To investigate the impact of retrieval instructions upon connectivity between amygdala and hippocampus during correct source memory, we used the task developed by Smith and colleagues (Smith et al., 2006). In this task, neutral foreground items (object images) were paired with either negative or neutral backgrounds (source images) at encoding (see below for detail). At test, foreground objects were displayed as cues and participants were asked to retrieve information about the source images with which these had been initially paired. Test consisted of two different task conditions: an emotion-relevant condition (EMOTION) and an emotion-irrelevant condition (PEOPLE). In EMOTION, participants indicated whether the source image associated with each presented object were emotional or neutral. In PEOPLE they indicated whether or not the source image contained people (see below for further detail). The presence/absence of negative emotion and people was balanced across source images.

We were interested in consolidation, and therefore introduced a twelve hour retention interval between encoding and the final test session (Figure 1A). To allow examination of the differential influences of retention across a day of normal wakefulness as compared an equivalent interval containing a night of sleep, participants were randomly assigned to two experimental groups: ‘Wake’ and ‘Sleep’, with 6 females and 5 males in each group. In the Wake group, Encoding occurred in the morning (9 AM +/- 1 hour) and Test occurred in the evening (9 PM +/- 1 hour) such that the retention interval included a normal day during which participants did not sleep. In the Sleep groups, however, Encoding occurred in the evening (9 PM +/- 1 hour) and Test occurred in the morning (9 AM +/- 1 hour). For this group, the retention interval included a night of sleep (Figure 1A).

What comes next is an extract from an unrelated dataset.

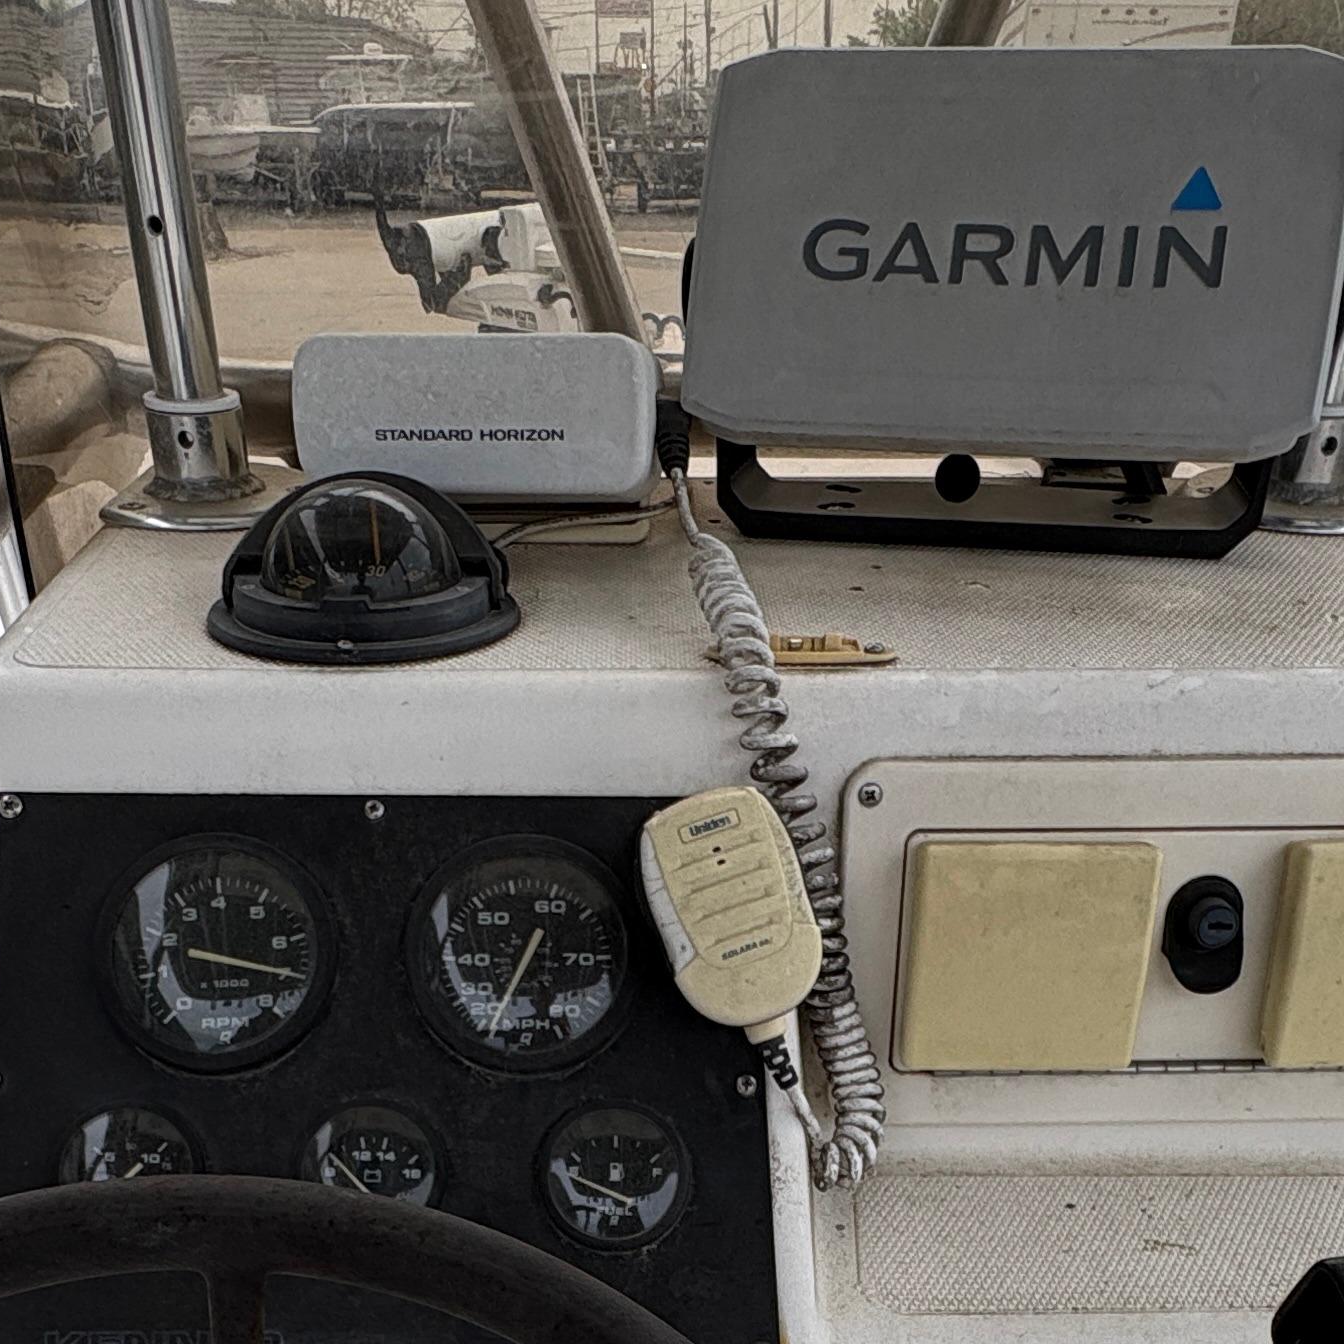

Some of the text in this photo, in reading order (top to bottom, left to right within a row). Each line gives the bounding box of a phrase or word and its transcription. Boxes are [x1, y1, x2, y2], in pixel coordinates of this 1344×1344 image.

Figure 1. Experimental paradigm and source memory task.

Figure 1

A) Participants were divided into a Wake group (11 participants) who trained in the morning, and a Sleep group (11 participants) who trained in the evening. Each group was tested in the scanner 12 +-1 hours after encoding. The Sleep group therefore consolidated across a night of sleep, while the Wake group consolidated across a day of wakefulness. B) The source memory task (Smith et al., 2006): during Encoding participants viewed a source picture for three seconds before a foreground object was superimposed on it for a further five seconds. Participants formed an association between source and object, then responded with a button press. At Test (C) neutral objects were shown for 2.5 seconds, followed by a crosshair for 0.8 seconds. Testing was divided into two tasks: EMOTION and PEOPLE. In EMOTION, there were 3 possible responses: old originally paired with a negative source, old originally paired with a neutral source, and old but I can’t remember the source. In PEOPLE the response options were equivalent but participants indicated whether the source image contained people or not rather than whether it was negative or neutral. Training included two tests with feedback in which the source image was displayed after the subject had responded. Delayed testing (after the retention period) was carried out in the MRI scanner and did not include feedback. In Delayed testing, learned objects were intermixed with novel unlearned objects, and participants had an additional response option ‘new’ in both tasks.

The combination of the two retrieval tasks, the two retention groups, and the two source valences, produced a 2x2x2 design with the factors task (EMOTION/PEOPLE), group (Sleep/Wake), and source valence (negative/neutral). This allowed comparison of responses associated with the retrieval of negative and neutral memories as a function of both task and retention interval type.

Encoding Procedure

Following the method of Smith et al., (2006), each source image was shown for three seconds during encoding. A foreground object was then superimposed on it for five seconds before both images were replaced with a fixation cross for a further second (Figure 1B). Participants were asked to form an association between object and source images, then press a button. To facilitate learning, the 160 image pairs were separated into two lists of 80, 40 for use in EMOTION and 40 for use in PEOPLE. Encoding lasted twelve minutes for each list.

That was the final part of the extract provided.